WHAT THE TASK REQUIRES: All the data beneath this line is to be reproduced exactly.

Collected data:
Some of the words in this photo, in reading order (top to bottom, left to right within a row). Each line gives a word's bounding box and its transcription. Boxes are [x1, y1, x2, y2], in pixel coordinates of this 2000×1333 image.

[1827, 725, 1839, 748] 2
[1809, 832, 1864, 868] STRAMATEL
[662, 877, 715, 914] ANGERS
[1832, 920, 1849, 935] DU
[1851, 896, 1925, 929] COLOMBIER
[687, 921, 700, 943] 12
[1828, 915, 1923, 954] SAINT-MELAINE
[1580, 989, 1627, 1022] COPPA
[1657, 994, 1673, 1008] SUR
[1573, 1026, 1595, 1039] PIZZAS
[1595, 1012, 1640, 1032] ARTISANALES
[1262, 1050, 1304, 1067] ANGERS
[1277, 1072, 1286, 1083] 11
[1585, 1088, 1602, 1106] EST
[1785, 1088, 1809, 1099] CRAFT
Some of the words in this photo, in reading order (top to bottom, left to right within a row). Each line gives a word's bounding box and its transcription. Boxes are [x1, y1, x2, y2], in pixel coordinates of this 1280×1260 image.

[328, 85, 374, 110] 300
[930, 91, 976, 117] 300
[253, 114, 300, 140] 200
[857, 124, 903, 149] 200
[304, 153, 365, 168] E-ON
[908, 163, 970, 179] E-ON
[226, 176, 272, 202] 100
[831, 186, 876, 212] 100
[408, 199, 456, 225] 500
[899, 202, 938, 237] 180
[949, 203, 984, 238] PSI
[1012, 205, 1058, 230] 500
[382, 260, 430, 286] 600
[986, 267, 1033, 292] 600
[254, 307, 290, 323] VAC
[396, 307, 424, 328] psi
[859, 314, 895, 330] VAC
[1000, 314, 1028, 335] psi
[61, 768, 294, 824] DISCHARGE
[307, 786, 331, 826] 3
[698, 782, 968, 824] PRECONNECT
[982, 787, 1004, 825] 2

TASK ANSWER:
Some of the words in this photo, in reading order (top to bottom, left to right within a row). Each line gives a word's bounding box and its transcription. Boxes are [x1, y1, x2, y2], in pixel coordinates of this 2000×1333 image.

[1827, 725, 1839, 748] 2
[1809, 832, 1864, 868] STRAMATEL
[662, 877, 715, 914] ANGERS
[1832, 920, 1849, 935] DU
[1851, 896, 1925, 929] COLOMBIER
[687, 921, 700, 943] 12
[1828, 915, 1923, 954] SAINT-MELAINE
[1580, 989, 1627, 1022] COPPA
[1657, 994, 1673, 1008] SUR
[1573, 1026, 1595, 1039] PIZZAS
[1595, 1012, 1640, 1032] ARTISANALES
[1262, 1050, 1304, 1067] ANGERS
[1277, 1072, 1286, 1083] 11
[1585, 1088, 1602, 1106] EST
[1785, 1088, 1809, 1099] CRAFT
Some of the words in this photo, in reading order (top to bottom, left to right within a row). Each line gives a word's bounding box and its transcription. Boxes are [x1, y1, x2, y2], in pixel coordinates of this 1280×1260 image.

[328, 85, 374, 110] 300
[930, 91, 976, 117] 300
[253, 114, 300, 140] 200
[857, 124, 903, 149] 200
[304, 153, 365, 168] E-ON
[908, 163, 970, 179] E-ON
[226, 176, 272, 202] 100
[831, 186, 876, 212] 100
[408, 199, 456, 225] 500
[899, 202, 938, 237] 180
[949, 203, 984, 238] PSI
[1012, 205, 1058, 230] 500
[382, 260, 430, 286] 600
[986, 267, 1033, 292] 600
[254, 307, 290, 323] VAC
[396, 307, 424, 328] psi
[859, 314, 895, 330] VAC
[1000, 314, 1028, 335] psi
[61, 768, 294, 824] DISCHARGE
[307, 786, 331, 826] 3
[698, 782, 968, 824] PRECONNECT
[982, 787, 1004, 825] 2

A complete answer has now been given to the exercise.